Hyperpigmentation is a condition that can be hard to treat. It does not resolve quickly, and it is commonly associated with sun exposure.
Hyperpigmentation occurs when the skin goes through a series of stages to rid itself of added pigment. When this process takes longer than it should, hyperpigmentation results, the following are some causes: genetics, loss of blood supply in the area (ischemia), or inflammation (or an allergy).
Treatments include topical agents, chemical peels, laser therapy, and surgical excision. All these treatments have potential side effects, so patients should consult a physician before choosing which one best suits them. In addition, people who wish to prevent hyperpigmentation should take steps to reduce the risk of sun exposure, tanning booths, and specific cosmetic procedures.
Causes of Hyperpigmentation
Hyperpigmentation is caused by many factors, including genetics, sun exposure, inflammation, or an allergy. Hyperpigmentation presents uneven skin tone due to uneven deposits of melanin. The following expands upon the causes:
- Genetics - Hyperpigmentation is believed to have a genetic component in some patients. This may result from an abundance of melanocytes, which are skin cells that produce the pigment called melanin; the rate at which these cells work and how much they produce determines skin color and tanning capacity.
- Loss of Blood Supply - Ischemia, also known as hypoxia, may be caused by the accumulation of excessive amounts of fluid in certain tissues, or it may result from poor blood circulation. Both conditions have been linked to hyperpigmentation over time because they cause a decrease in oxygen and nutrient flow to cells within the skin. Ischemia can occur following trauma, such as severe bruising due to an injury. However, it can also happen without obvious cause.
- Chemical Exposure - some chemicals are used for the treatment of hyperpigmentation. However, not all are safe for everyone, especially pregnant women. Excessive amounts of exposure to certain chemicals can cause tissue damage and chemical burns.
- Allergies - even if you are not allergic to a particular substance, your body may produce an immune system response. Allergic reactions within the skin can cause inflammation which in turn causes hyperpigmentation over time.
- Certain Medications - Some medications have been linked to hyperpigmentation, including birth control pills. Birth control pills regulate periods and prevent pregnancy. Both of these drugs may be prescribed for other reasons, depending on a person's condition. However, long-term use or high doses may cause side effects that include hyperpigmentation.

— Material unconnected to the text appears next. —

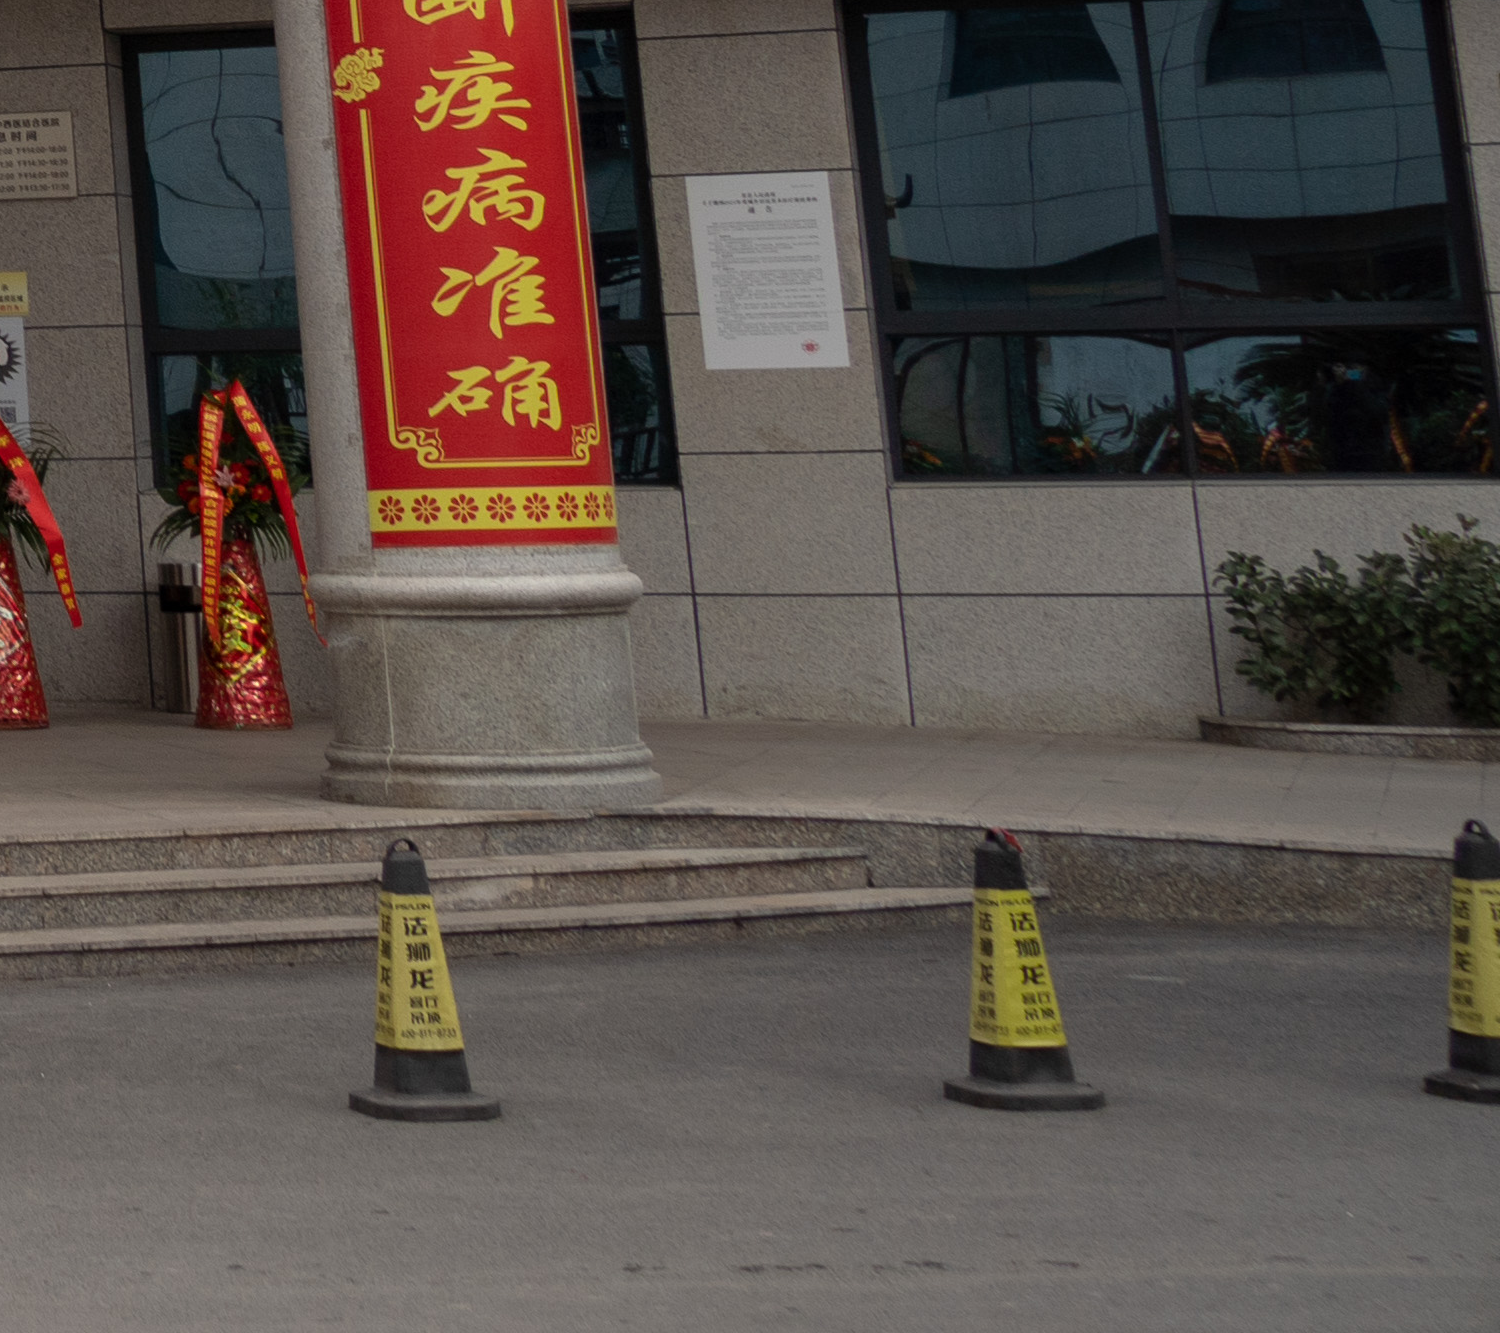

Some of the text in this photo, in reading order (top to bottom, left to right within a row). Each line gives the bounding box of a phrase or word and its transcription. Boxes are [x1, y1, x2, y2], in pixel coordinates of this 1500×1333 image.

[403, 916, 434, 990] 法狮龙
[1008, 911, 1047, 985] 法狮龙
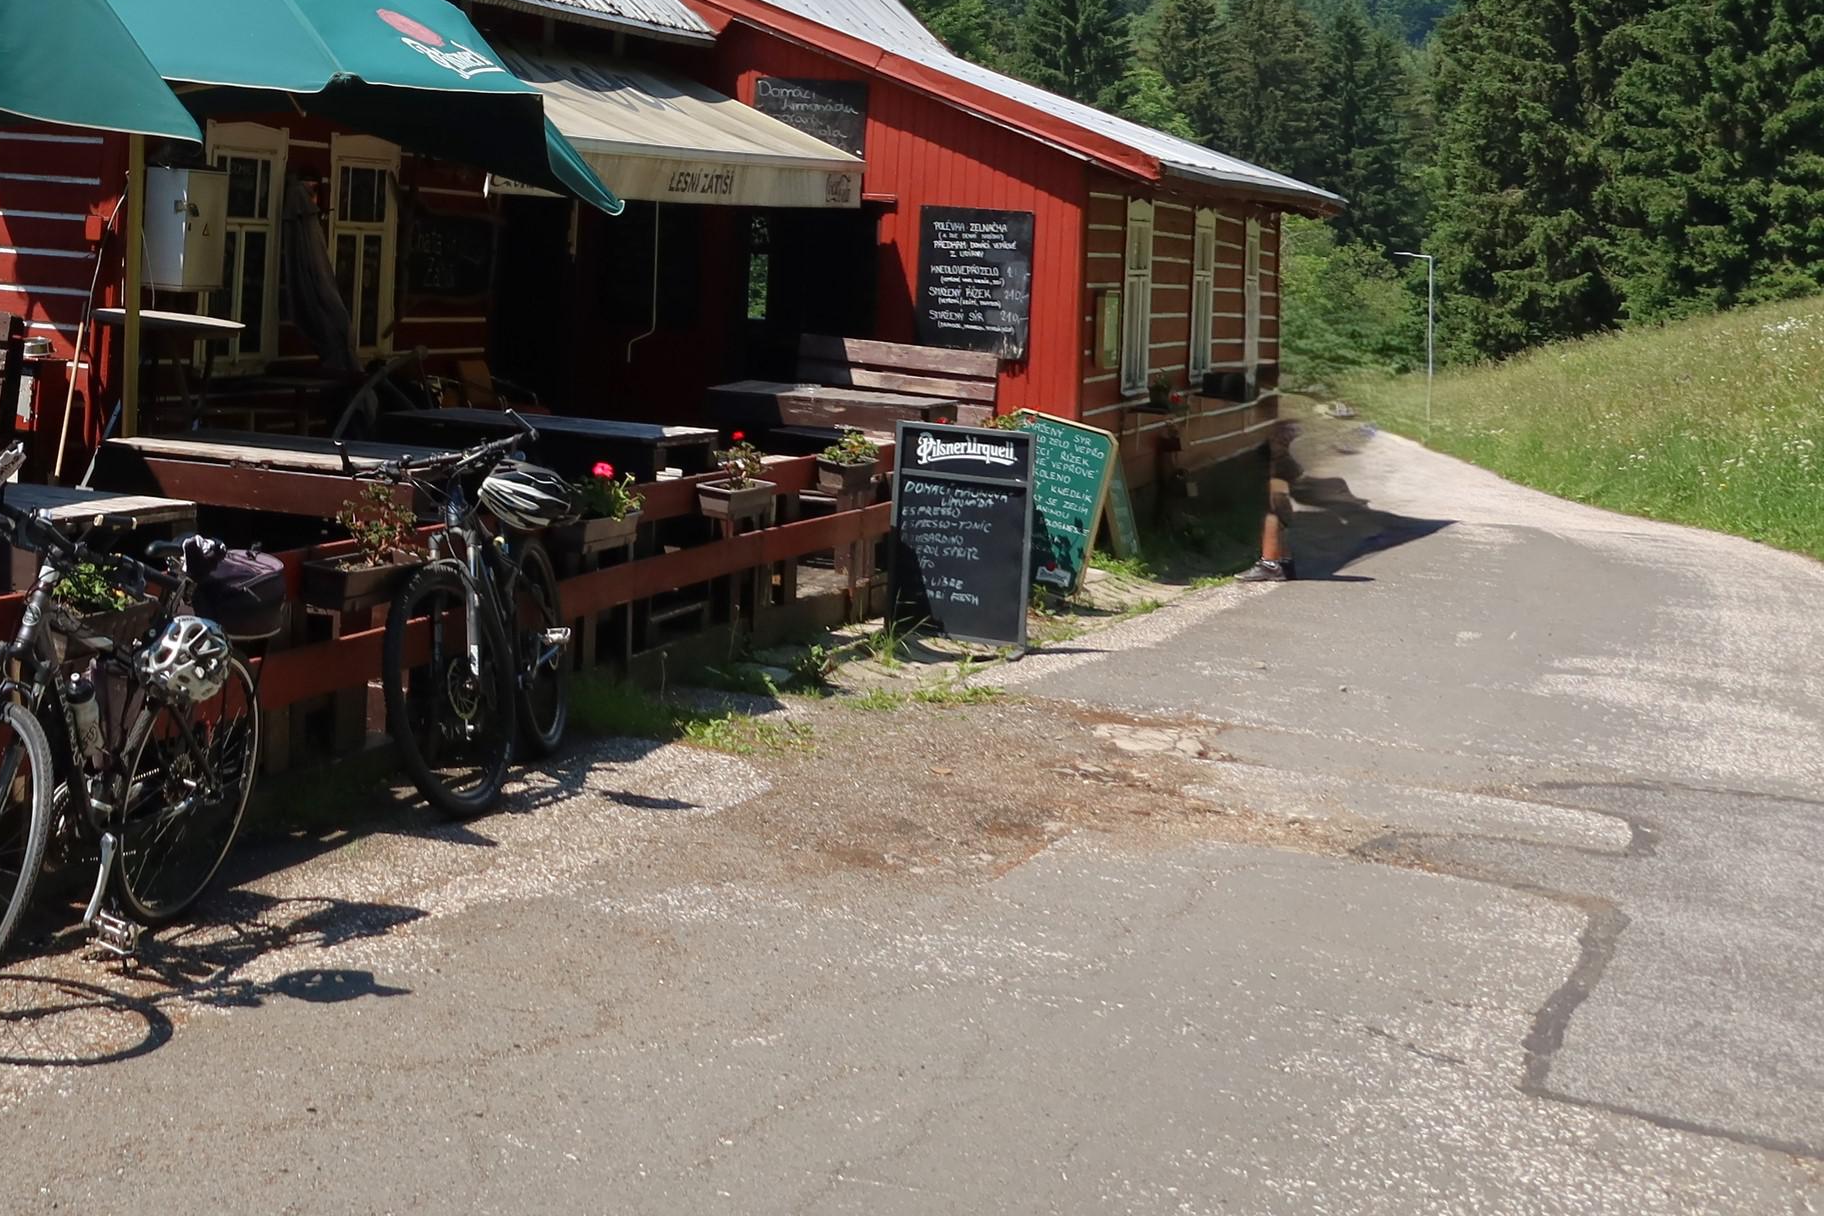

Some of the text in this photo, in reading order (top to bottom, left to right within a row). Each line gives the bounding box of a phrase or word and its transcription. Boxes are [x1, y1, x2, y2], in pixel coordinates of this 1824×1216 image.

Hyperpigmentation resolves slowly and can be hard to treat. However, the following are some treatments:
- Topical Agents - Topical agents applied to the affected area may help reduce hyperpigmentation. These products can have side effects, including skin rashes, itching, and irritation. In addition, some people may not tolerate some topical medications over the long term, but they do work quite well when taken as directed by a physician.
- Chemical Peels - Chemical peels remove a layer of skin from the affected area so that new cells can grow back with even levels of pigmentation. A series of five peels usually works best for treating hyperpigmentation.
- Laser Therapy - Some laser treatments are also used to treat hyperpigmentation. Since this technique involves exposure of the affected area to high-intensity light, it is usually only recommended for people with dark complexions since other skin colors may not absorb enough light to be effective.
- Surgical excision - surgery involves removing a portion of the skin affected by hyperpigmentation and has been known to work in extreme cases. However, surgery should always be performed by a qualified professional, especially when treating facial areas, because the removal process can lead to scarring that affects appearance. Another option for those wishing to avoid surgery entirely is laser therapy which works well on smaller areas with minimal side effects.
Some simple lifestyle changes may help prevent hyperpigmentation. First, do not use tanning beds. Tanning beds expose the skin to excessive UV radiation, leading to pigment irregularities and damaged cells that are vital to a healthy appearance. The most effective way to avoid the negative effects of tanning bed exposure is to stay out of them altogether.
Use sunscreen at all times when outside to protect your skin from too much sun exposure. Sunscreen lotions and creams should be applied 15 minutes before venturing outside on sunny days wearing or reapplied every two hours for best results. Pay particular attention to certain areas such as the face, ears, lips, and back of hands since they are more likely to burn in the sun.